You are going to hear a lot of buzz about Facebook's new Data use policy. I tried to find an article that didn't have such a negative slant but I couldn't so here's the one I read.

Also, here's what I have to say about it.

  1. When you are using a free service like Facebook your data is being mined to more effectively market to you. Period. This is what they do. It's how they exist. When they say "your data" it is your demographic data such as your age, likes, dislikes, gender, etc. It is not your social security number, mothers maiden name, credit card number or annual income, unless, of course, you are dumb enough to put that on Facebook.

  2. "Your friends' activities can implicate your personal information." I'd like to hear more about this one from Facebook but, I suspect, the purpose for this is to learn more about you via the social activity of those you associate with.

  3. Some will claim that it is unconstitutional for Facebook to disallow you from using a pseudonym. "Facebook's ban on multiple accounts and using a pseudonym may violate First Amendment protections in the U.S."

    First of all, I'm not sure it's entirely accurate to say that the constitution protects your right to falsify your identity. Secondly, those people should realize that this rule serves a dual purpose. Sure, Facebook wants to know who you really are but it also is intended to weed out those with mal intent such as predators, spammers, identity thieves, etc. So if you are up in arms about this one, think twice. Many of the valid reasons to have a second or hidden identity have become obsolete with Facebook improvements over the years, such as pages for your business and the ability to separate personal and business associates.

  4. Facebook also requires that you keep your information up-to-date.  The same "dual purpose" mentioned above applies to this requirement.  Besides, if I move to the west coast, I know longer want Facebook to show me events in NYC, do I?

  5. In some sections the policy has been changed to "users and non-users who interact with Facebook". This doesn't come as a surprise to me. Many business have public facing pages that people can visit. Their "interaction" is limited as they can't like or comment so Facebook is likely tracking what it can grab from their browsing experience such as location data, browser choice, path, etc. As a business owner, this is data I want and isn't harmful to the "non-Facebook" user.

  6. There are now sections that apply to app developers, including:
  • "You will delete all data you receive from us concerning a user if the user asks you to do so, and will provide a mechanism for users to make such a request."
  • "You will not sell user data."
  • "We can require you to delete user data if you use it in a way that we determine is inconsistent with users' expectations."
  • "You will make it easy for users to remove or disconnect from your application."

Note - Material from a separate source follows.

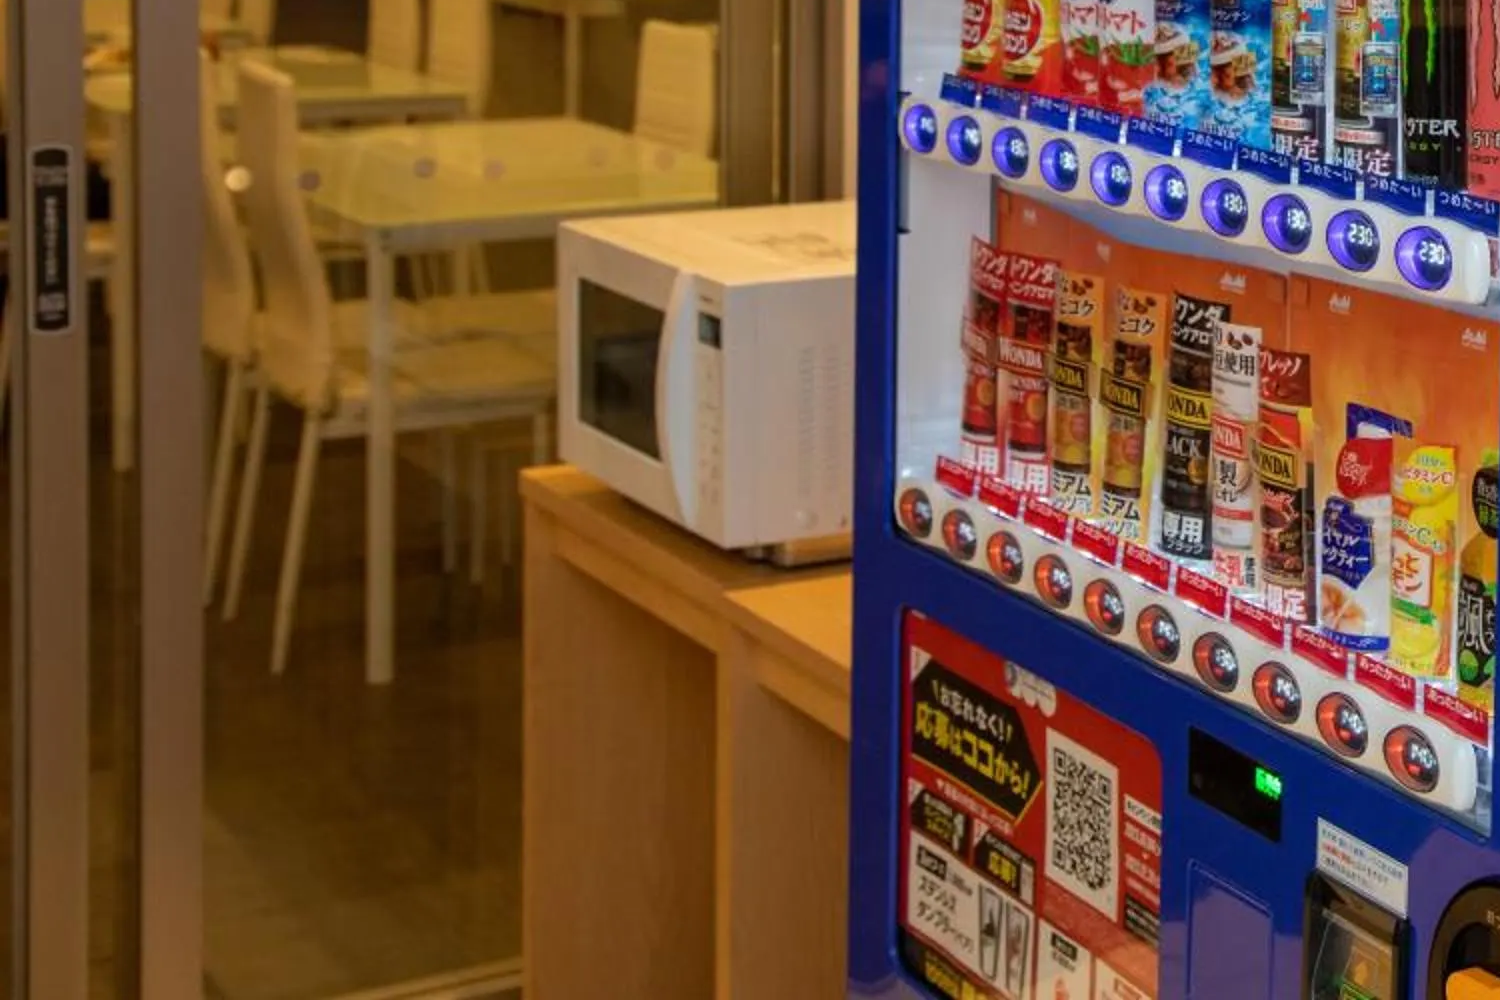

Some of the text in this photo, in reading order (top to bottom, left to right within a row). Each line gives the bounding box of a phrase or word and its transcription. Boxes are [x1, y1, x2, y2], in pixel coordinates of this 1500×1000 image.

Some will say "That damn Facebook is oppressing these developers when they don't even abide by all those rules!". Well, personally, I welcome this change. Facebook knows what it's doing with our data but they get shit on every time a rouge app developer does something it shouldn't. So, Facebook is setting some ground rules. Bravo.

The long and the short of it is that if you don't want your activity tracked, get off the Internet. Whether its Facebook or Google or whatever, your social activity is being monitored. If this is a concern for you, instead of complaining, be your own filter by limiting what you post and your activity. If you connect Facebook to Pintrest, don't be shocked when Facebook posts and ad for circus school and recommends you like "Fire Eaters Unite" because it knows you have a Pintrest board about circus arts.

The social graph is a relatively public place so behave accordingly. Would you strip down in the town square and then be offended that the mayor knows you have a tattoo of a pirate on your ass? No.

Personally, I don't mind that much. A few years ago I posted that I didn't like how Facebook was profiling me and I found its ads about "moms go back to school" and "the flat belly diet" to be a bit stereotypical. Recently I've seen that change and those ads and page suggestions are relevant and even helpful.

I know that some will call me naive and that I should strap on my tin foil hat and prepare for the rule of big brother. I don't care. Many of these are the same people who react to rumors that Facebook will start charging. I've got news for you. You already pay for Facebook. You pay with your demographic information. Each person needs to decide for themselves if the price is right.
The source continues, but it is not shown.